You may think the weather is crazy.
The weather is going crazy.
We don't have many options to move right now.
Housing and where we live and the changing climate will make it worse.
It's like you're in a metal box.
In Palm Springs, Palm Desert, the electric grid is better, the water is safe.
They have better resources over there.
Our residents are working for agricultural companies that are multimillion-dollar companies, five-star hotels, country clubs, and yet they're taking home the absolute bare minimum wages.
It's a 100% a structural problem.
We've been ignored because the majority of us are undocumented.
In these areas, you can't rely on the electricity.
The arsenic, the electricity, the garbage - those are the three problems that most trailer parks have.
These are trailers that are 10, 20 years old.

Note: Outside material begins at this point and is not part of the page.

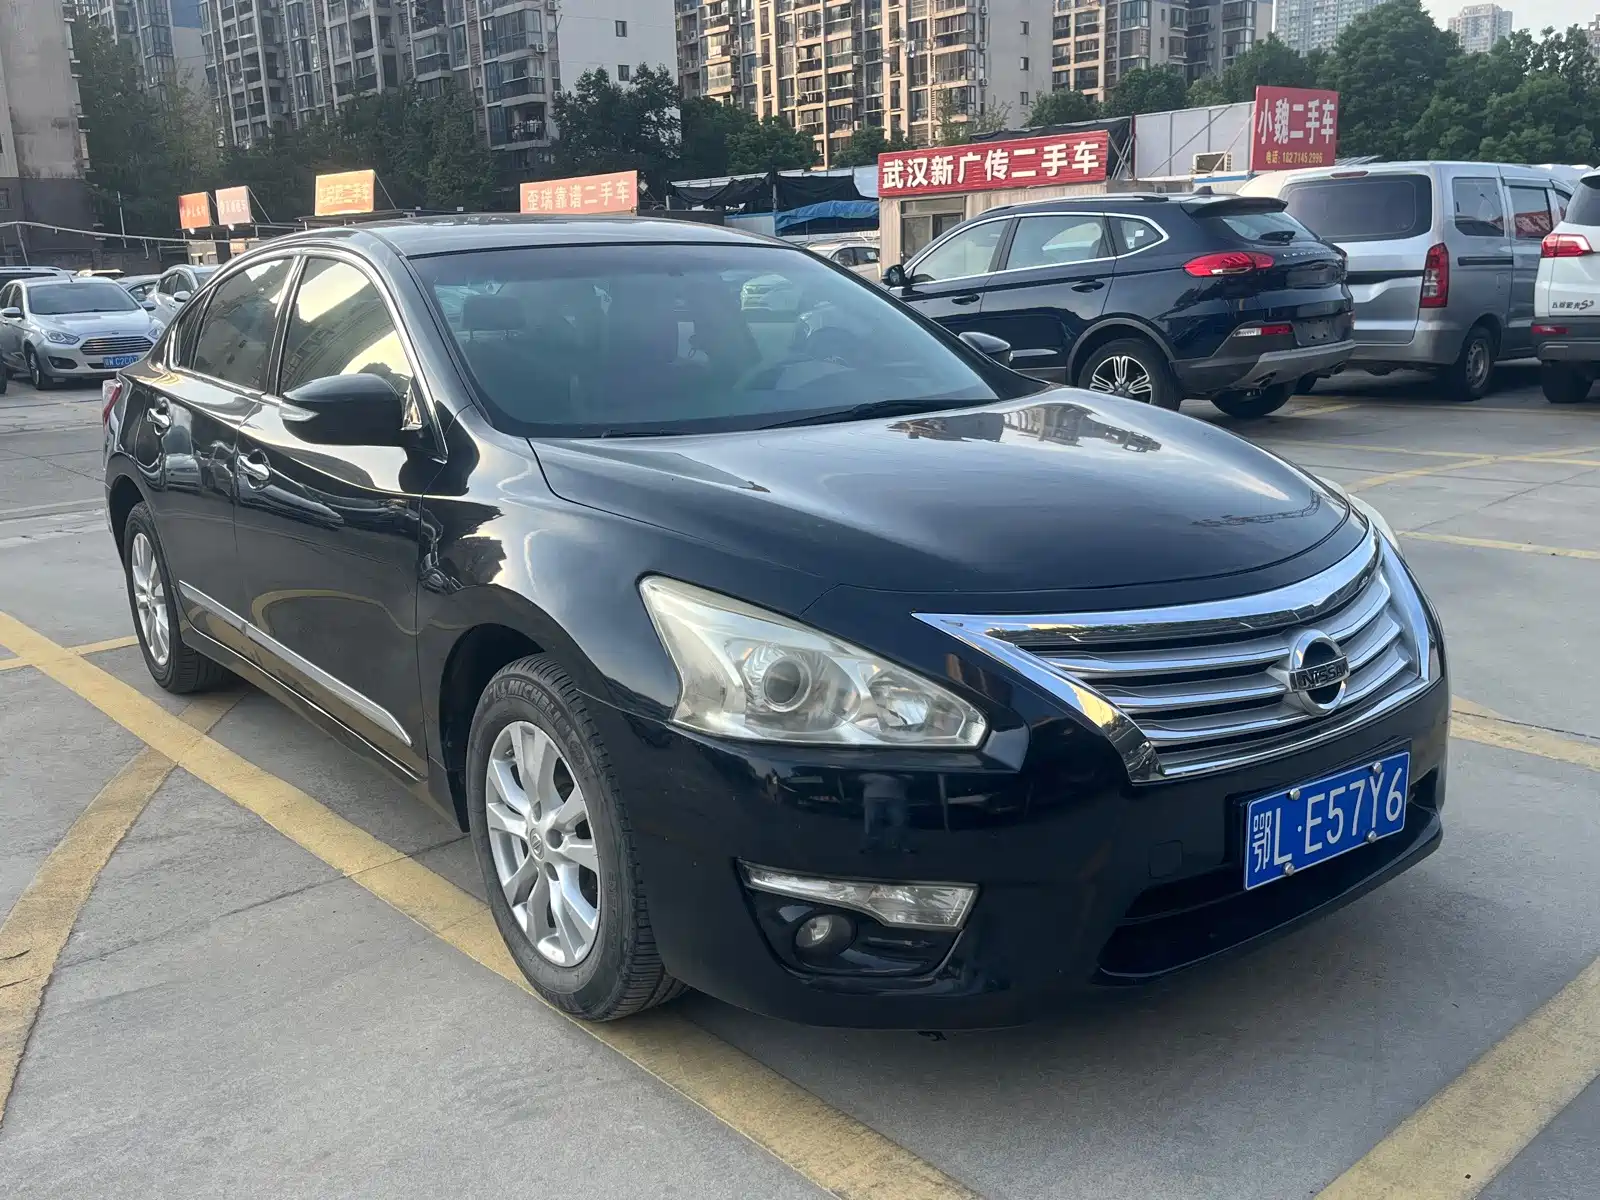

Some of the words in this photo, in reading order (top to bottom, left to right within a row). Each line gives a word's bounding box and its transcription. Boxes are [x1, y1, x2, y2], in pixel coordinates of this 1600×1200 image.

[1257, 98, 1335, 144] 小魏二手车
[882, 141, 1099, 189] 武汉新广传二手车
[527, 178, 630, 211] 歪瑞靠谱二手车
[1298, 661, 1349, 689] NISSAN

If you don't have good air conditioning, you feel like you're in hell.
It feels awful.
It doesn't have any insulation left.
When it's hot, all the heat gets in.
There are cracks.
The cold air doesn't stay inside.
There are trailers even worse than this one.
So it's hard right now.
When it's hot out she goes outdoors to cook so it won't get so hot inside.
I thought "El Norte" (the U.S.) was beautiful.

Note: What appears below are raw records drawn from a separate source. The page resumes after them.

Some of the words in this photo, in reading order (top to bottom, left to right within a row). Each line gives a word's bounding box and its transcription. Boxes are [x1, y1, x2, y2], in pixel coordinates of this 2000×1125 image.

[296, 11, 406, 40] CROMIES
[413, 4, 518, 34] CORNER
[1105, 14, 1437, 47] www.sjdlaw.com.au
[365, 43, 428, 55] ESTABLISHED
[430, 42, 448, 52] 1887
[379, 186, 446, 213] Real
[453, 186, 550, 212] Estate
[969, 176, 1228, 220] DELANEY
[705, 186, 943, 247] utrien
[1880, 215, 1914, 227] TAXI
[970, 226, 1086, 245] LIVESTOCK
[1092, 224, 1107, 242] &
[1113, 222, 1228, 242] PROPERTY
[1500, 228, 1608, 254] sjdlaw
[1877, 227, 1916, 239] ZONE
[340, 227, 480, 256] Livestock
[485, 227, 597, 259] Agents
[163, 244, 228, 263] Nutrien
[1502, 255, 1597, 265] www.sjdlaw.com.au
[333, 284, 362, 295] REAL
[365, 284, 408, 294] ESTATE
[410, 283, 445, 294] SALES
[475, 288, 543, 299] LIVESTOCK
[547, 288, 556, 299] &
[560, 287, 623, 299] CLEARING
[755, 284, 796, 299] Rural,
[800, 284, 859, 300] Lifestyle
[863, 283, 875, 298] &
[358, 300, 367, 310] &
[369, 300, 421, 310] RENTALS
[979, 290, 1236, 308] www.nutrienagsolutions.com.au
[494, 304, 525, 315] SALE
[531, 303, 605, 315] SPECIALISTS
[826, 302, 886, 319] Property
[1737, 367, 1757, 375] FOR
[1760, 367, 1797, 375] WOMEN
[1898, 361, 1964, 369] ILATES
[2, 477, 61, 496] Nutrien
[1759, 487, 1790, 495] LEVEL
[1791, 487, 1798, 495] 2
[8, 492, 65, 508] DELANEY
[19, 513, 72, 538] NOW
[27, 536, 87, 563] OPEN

I didn't think El Norte was ugly.
I think my little village is better than here.
When we met, I was 14 and he was 11.
Pedro, bring the dishes to the table, please.
When I was 22 he "stole" me, as they say in Mexico, and I went to be with him.
Come on.
I used to say, "I'm going to go [to the U.S.], build myself a house and then come back to look for a girl."

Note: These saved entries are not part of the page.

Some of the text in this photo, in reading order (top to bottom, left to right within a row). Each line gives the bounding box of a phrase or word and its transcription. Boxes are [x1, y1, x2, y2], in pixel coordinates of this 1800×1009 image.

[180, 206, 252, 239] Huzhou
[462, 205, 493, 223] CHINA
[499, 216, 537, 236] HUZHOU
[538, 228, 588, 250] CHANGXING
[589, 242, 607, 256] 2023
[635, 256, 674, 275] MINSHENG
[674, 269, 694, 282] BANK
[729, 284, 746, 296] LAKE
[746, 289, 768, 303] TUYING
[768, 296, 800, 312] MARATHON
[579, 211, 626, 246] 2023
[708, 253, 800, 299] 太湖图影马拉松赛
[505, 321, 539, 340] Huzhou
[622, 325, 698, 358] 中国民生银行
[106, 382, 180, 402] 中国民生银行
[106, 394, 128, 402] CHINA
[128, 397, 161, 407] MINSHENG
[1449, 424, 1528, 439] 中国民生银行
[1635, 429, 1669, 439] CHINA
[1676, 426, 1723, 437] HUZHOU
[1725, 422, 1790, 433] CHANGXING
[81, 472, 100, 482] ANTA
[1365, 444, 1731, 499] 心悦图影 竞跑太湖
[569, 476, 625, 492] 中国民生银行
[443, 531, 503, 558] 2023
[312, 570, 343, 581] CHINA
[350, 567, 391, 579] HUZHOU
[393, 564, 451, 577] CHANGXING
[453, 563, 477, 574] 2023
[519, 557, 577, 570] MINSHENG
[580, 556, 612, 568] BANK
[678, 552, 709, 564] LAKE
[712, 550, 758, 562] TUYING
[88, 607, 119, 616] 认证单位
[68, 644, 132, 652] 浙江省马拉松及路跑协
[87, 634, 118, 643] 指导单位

I was 9 years old when I first imagined this.
It was my dream.
Go ahead, pull up your chair.
My story in the U.S. began in 2006.
I get depressed sometimes with the situation, because I can't provide a safe home for my children.
This is what I have, and it's all I can do for them right now.
If you're living in a mobile home, most likely you are at the most vulnerable in housing and in experiencing crazy temperatures.
2 p.m. in August in Indian Wells, you're literally living a very different life than at 2 p.m., also in August, in Thermal, California.
It is hot.
It feels suffocating.
You just drive through Avenue 66 and you see these mobile home parks here, a mobile home park here.
And then you see this big sign that says "Thermal Beach Club public hearing."
Thermal Beach Club is a project that was introduced August, September of 2019.
It would have luxury homes, vacation homes and a lagoon with surfing technology that you can have up to 7-foot waves.
Why are we OK with this multibillion-dollar vacation home development in our community?
It's just going to contribute to the perpetuation of income inequality in the area.
It's laughable.
It's a slap in the face for residents.
These are information packets, everything you may need, in Spanish.
Riverside County is essentially a really poor county overall.
Our unincorporated areas just don't have the revenue streams we need to put the infrastructure in.
So we don't have a choice.
We have to partner with private-sector developments to get more infrastructure.
You can't expect Thermal Beach Club to solve the problems of the legacy of underinvestment and poverty in the eastern Coachella Valley.
This is where Thermal Beach Club is going to be.
This is the Thermal racetrack and this is where Oasis Mobile Home Park is.
The racetrack, it had a very similar beginning to Thermal Beach Club.
It's right there.
You hear the sounds of the racetracks.
Wealthy folks use it as a playground for the rich.
And Thermal Beach Club would not be any different from that.
The racetrack wasn't there before.
I used to harvest cilantro there.
I have worked in the fields for most of my time in the U.S.
I'd say agriculture is the main thing in this valley.
The people who suffer most from the heat are the farmworkers.
11 a.m. to noon, when we're picking chiles, as soon as you kneel down, you get right back up because [the ground] burns.
It's as if you touched a stove.
Sometimes the day is totally cloudy, but you sweat a lot and can't breathe.
You feel like you're almost suffocating.
Everyone in California is going to experience extreme climate effects.
It's hard to think about how they'll cope with a change as severe as what we expect.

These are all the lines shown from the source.